EXERCISE GOAL: All of the records below need to be copied exactly.
*** GIVEN RECORDS ***
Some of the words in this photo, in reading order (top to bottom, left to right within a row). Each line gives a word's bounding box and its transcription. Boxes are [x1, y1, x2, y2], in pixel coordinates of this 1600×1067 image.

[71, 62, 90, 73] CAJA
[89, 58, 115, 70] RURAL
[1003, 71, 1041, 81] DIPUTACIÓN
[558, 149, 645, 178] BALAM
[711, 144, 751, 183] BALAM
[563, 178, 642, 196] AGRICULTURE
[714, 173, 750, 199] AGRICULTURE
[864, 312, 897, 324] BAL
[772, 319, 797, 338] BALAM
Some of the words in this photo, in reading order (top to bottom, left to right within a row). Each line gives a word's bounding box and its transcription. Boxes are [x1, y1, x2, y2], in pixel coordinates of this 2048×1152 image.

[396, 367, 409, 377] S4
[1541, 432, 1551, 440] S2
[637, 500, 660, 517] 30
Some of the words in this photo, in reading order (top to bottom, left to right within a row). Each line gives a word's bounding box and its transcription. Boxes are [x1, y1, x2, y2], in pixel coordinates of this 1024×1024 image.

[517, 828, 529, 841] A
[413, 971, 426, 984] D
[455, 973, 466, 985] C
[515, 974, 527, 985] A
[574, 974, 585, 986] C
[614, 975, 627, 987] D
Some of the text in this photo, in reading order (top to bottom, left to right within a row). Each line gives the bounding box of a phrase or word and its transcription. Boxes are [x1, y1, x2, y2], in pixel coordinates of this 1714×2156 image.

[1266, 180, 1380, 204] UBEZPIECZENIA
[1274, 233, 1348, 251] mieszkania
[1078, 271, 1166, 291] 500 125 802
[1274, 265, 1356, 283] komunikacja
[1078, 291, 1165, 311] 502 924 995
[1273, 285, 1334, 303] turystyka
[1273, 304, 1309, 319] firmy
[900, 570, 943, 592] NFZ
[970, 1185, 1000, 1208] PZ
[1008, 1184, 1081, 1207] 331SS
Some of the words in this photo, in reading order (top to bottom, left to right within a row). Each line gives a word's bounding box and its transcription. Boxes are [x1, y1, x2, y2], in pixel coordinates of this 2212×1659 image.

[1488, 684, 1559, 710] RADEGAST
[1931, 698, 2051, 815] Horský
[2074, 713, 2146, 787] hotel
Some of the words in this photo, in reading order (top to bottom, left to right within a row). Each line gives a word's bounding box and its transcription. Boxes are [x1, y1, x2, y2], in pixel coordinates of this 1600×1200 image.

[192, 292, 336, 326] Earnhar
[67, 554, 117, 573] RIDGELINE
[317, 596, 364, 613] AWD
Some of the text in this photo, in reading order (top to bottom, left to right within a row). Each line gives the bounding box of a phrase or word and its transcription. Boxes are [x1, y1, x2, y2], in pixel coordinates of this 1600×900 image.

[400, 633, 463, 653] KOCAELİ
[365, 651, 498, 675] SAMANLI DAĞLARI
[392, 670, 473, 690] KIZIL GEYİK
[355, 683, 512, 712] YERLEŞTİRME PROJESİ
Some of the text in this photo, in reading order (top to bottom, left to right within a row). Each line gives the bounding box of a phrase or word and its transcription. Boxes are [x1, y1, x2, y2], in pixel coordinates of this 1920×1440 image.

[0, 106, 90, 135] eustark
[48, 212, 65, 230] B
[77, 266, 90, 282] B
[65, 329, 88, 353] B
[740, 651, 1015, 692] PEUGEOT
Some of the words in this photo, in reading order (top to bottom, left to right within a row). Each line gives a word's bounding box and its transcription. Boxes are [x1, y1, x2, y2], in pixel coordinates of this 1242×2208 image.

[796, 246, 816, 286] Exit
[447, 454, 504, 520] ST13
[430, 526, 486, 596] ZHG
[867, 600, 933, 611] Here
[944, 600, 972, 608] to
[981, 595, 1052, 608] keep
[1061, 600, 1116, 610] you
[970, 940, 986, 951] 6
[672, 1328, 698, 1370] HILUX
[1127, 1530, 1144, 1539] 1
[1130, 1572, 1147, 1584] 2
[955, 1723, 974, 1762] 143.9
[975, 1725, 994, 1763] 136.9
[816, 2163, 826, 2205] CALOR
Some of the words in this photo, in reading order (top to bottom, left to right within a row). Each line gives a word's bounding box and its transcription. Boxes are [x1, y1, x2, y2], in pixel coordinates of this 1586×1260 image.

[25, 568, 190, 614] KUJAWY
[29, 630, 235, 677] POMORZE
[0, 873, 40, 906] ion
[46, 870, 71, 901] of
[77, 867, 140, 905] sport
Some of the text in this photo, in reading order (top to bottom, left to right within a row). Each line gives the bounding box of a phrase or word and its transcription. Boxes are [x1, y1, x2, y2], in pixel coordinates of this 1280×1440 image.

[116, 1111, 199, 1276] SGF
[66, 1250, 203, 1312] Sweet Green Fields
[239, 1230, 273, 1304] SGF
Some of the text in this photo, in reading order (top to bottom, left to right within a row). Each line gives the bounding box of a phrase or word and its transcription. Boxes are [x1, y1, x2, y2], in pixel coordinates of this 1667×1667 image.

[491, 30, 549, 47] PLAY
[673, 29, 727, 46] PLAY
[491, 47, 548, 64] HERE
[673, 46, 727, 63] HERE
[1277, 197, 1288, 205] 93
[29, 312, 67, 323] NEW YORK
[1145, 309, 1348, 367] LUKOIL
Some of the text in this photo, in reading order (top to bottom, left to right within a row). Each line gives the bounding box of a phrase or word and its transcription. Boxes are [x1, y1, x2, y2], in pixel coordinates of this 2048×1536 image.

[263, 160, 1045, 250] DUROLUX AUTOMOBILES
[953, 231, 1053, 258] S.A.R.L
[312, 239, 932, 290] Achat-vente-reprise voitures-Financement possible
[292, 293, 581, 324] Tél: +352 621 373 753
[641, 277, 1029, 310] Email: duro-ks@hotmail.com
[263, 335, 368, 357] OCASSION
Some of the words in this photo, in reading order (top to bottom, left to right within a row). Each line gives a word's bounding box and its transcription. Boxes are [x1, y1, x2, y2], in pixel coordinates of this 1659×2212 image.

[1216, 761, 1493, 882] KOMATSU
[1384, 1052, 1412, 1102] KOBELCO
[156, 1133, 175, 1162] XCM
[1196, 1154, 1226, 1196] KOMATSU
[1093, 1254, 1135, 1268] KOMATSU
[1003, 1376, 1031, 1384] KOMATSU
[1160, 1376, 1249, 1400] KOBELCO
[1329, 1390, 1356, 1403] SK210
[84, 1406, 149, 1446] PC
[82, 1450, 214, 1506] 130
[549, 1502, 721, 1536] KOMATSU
***
WRITTEN ANSWER:
Some of the words in this photo, in reading order (top to bottom, left to right within a row). Each line gives a word's bounding box and its transcription. Boxes are [x1, y1, x2, y2], in pixel coordinates of this 1600×1067 image.

[71, 62, 90, 73] CAJA
[89, 58, 115, 70] RURAL
[1003, 71, 1041, 81] DIPUTACIÓN
[558, 149, 645, 178] BALAM
[711, 144, 751, 183] BALAM
[563, 178, 642, 196] AGRICULTURE
[714, 173, 750, 199] AGRICULTURE
[864, 312, 897, 324] BAL
[772, 319, 797, 338] BALAM
Some of the words in this photo, in reading order (top to bottom, left to right within a row). Each line gives a word's bounding box and its transcription. Boxes are [x1, y1, x2, y2], in pixel coordinates of this 2048×1152 image.

[396, 367, 409, 377] S4
[1541, 432, 1551, 440] S2
[637, 500, 660, 517] 30
Some of the words in this photo, in reading order (top to bottom, left to right within a row). Each line gives a word's bounding box and its transcription. Boxes are [x1, y1, x2, y2], in pixel coordinates of this 1024×1024 image.

[517, 828, 529, 841] A
[413, 971, 426, 984] D
[455, 973, 466, 985] C
[515, 974, 527, 985] A
[574, 974, 585, 986] C
[614, 975, 627, 987] D
Some of the text in this photo, in reading order (top to bottom, left to right within a row). Each line gives the bounding box of a phrase or word and its transcription. Boxes are [x1, y1, x2, y2], in pixel coordinates of this 1714×2156 image.

[1266, 180, 1380, 204] UBEZPIECZENIA
[1274, 233, 1348, 251] mieszkania
[1078, 271, 1166, 291] 500 125 802
[1274, 265, 1356, 283] komunikacja
[1078, 291, 1165, 311] 502 924 995
[1273, 285, 1334, 303] turystyka
[1273, 304, 1309, 319] firmy
[900, 570, 943, 592] NFZ
[970, 1185, 1000, 1208] PZ
[1008, 1184, 1081, 1207] 331SS
Some of the words in this photo, in reading order (top to bottom, left to right within a row). Each line gives a word's bounding box and its transcription. Boxes are [x1, y1, x2, y2], in pixel coordinates of this 2212×1659 image.

[1488, 684, 1559, 710] RADEGAST
[1931, 698, 2051, 815] Horský
[2074, 713, 2146, 787] hotel
Some of the words in this photo, in reading order (top to bottom, left to right within a row). Each line gives a word's bounding box and its transcription. Boxes are [x1, y1, x2, y2], in pixel coordinates of this 1600×1200 image.

[192, 292, 336, 326] Earnhar
[67, 554, 117, 573] RIDGELINE
[317, 596, 364, 613] AWD
Some of the text in this photo, in reading order (top to bottom, left to right within a row). Each line gives the bounding box of a phrase or word and its transcription. Boxes are [x1, y1, x2, y2], in pixel coordinates of this 1600×900 image.

[400, 633, 463, 653] KOCAELİ
[365, 651, 498, 675] SAMANLI DAĞLARI
[392, 670, 473, 690] KIZIL GEYİK
[355, 683, 512, 712] YERLEŞTİRME PROJESİ
Some of the text in this photo, in reading order (top to bottom, left to right within a row). Each line gives the bounding box of a phrase or word and its transcription. Boxes are [x1, y1, x2, y2], in pixel coordinates of this 1920×1440 image.

[0, 106, 90, 135] eustark
[48, 212, 65, 230] B
[77, 266, 90, 282] B
[65, 329, 88, 353] B
[740, 651, 1015, 692] PEUGEOT
Some of the words in this photo, in reading order (top to bottom, left to right within a row). Each line gives a word's bounding box and its transcription. Boxes are [x1, y1, x2, y2], in pixel coordinates of this 1242×2208 image.

[796, 246, 816, 286] Exit
[447, 454, 504, 520] ST13
[430, 526, 486, 596] ZHG
[867, 600, 933, 611] Here
[944, 600, 972, 608] to
[981, 595, 1052, 608] keep
[1061, 600, 1116, 610] you
[970, 940, 986, 951] 6
[672, 1328, 698, 1370] HILUX
[1127, 1530, 1144, 1539] 1
[1130, 1572, 1147, 1584] 2
[955, 1723, 974, 1762] 143.9
[975, 1725, 994, 1763] 136.9
[816, 2163, 826, 2205] CALOR
Some of the words in this photo, in reading order (top to bottom, left to right within a row). Each line gives a word's bounding box and its transcription. Boxes are [x1, y1, x2, y2], in pixel coordinates of this 1586×1260 image.

[25, 568, 190, 614] KUJAWY
[29, 630, 235, 677] POMORZE
[0, 873, 40, 906] ion
[46, 870, 71, 901] of
[77, 867, 140, 905] sport
Some of the text in this photo, in reading order (top to bottom, left to right within a row). Each line gives the bounding box of a phrase or word and its transcription. Boxes are [x1, y1, x2, y2], in pixel coordinates of this 1280×1440 image.

[116, 1111, 199, 1276] SGF
[66, 1250, 203, 1312] Sweet Green Fields
[239, 1230, 273, 1304] SGF
Some of the text in this photo, in reading order (top to bottom, left to right within a row). Each line gives the bounding box of a phrase or word and its transcription. Boxes are [x1, y1, x2, y2], in pixel coordinates of this 1667×1667 image.

[491, 30, 549, 47] PLAY
[673, 29, 727, 46] PLAY
[491, 47, 548, 64] HERE
[673, 46, 727, 63] HERE
[1277, 197, 1288, 205] 93
[29, 312, 67, 323] NEW YORK
[1145, 309, 1348, 367] LUKOIL
Some of the text in this photo, in reading order (top to bottom, left to right within a row). Each line gives the bounding box of a phrase or word and its transcription. Boxes are [x1, y1, x2, y2], in pixel coordinates of this 2048×1536 image.

[263, 160, 1045, 250] DUROLUX AUTOMOBILES
[953, 231, 1053, 258] S.A.R.L
[312, 239, 932, 290] Achat-vente-reprise voitures-Financement possible
[292, 293, 581, 324] Tél: +352 621 373 753
[641, 277, 1029, 310] Email: duro-ks@hotmail.com
[263, 335, 368, 357] OCASSION
Some of the words in this photo, in reading order (top to bottom, left to right within a row). Each line gives a word's bounding box and its transcription. Boxes are [x1, y1, x2, y2], in pixel coordinates of this 1659×2212 image.

[1216, 761, 1493, 882] KOMATSU
[1384, 1052, 1412, 1102] KOBELCO
[156, 1133, 175, 1162] XCM
[1196, 1154, 1226, 1196] KOMATSU
[1093, 1254, 1135, 1268] KOMATSU
[1003, 1376, 1031, 1384] KOMATSU
[1160, 1376, 1249, 1400] KOBELCO
[1329, 1390, 1356, 1403] SK210
[84, 1406, 149, 1446] PC
[82, 1450, 214, 1506] 130
[549, 1502, 721, 1536] KOMATSU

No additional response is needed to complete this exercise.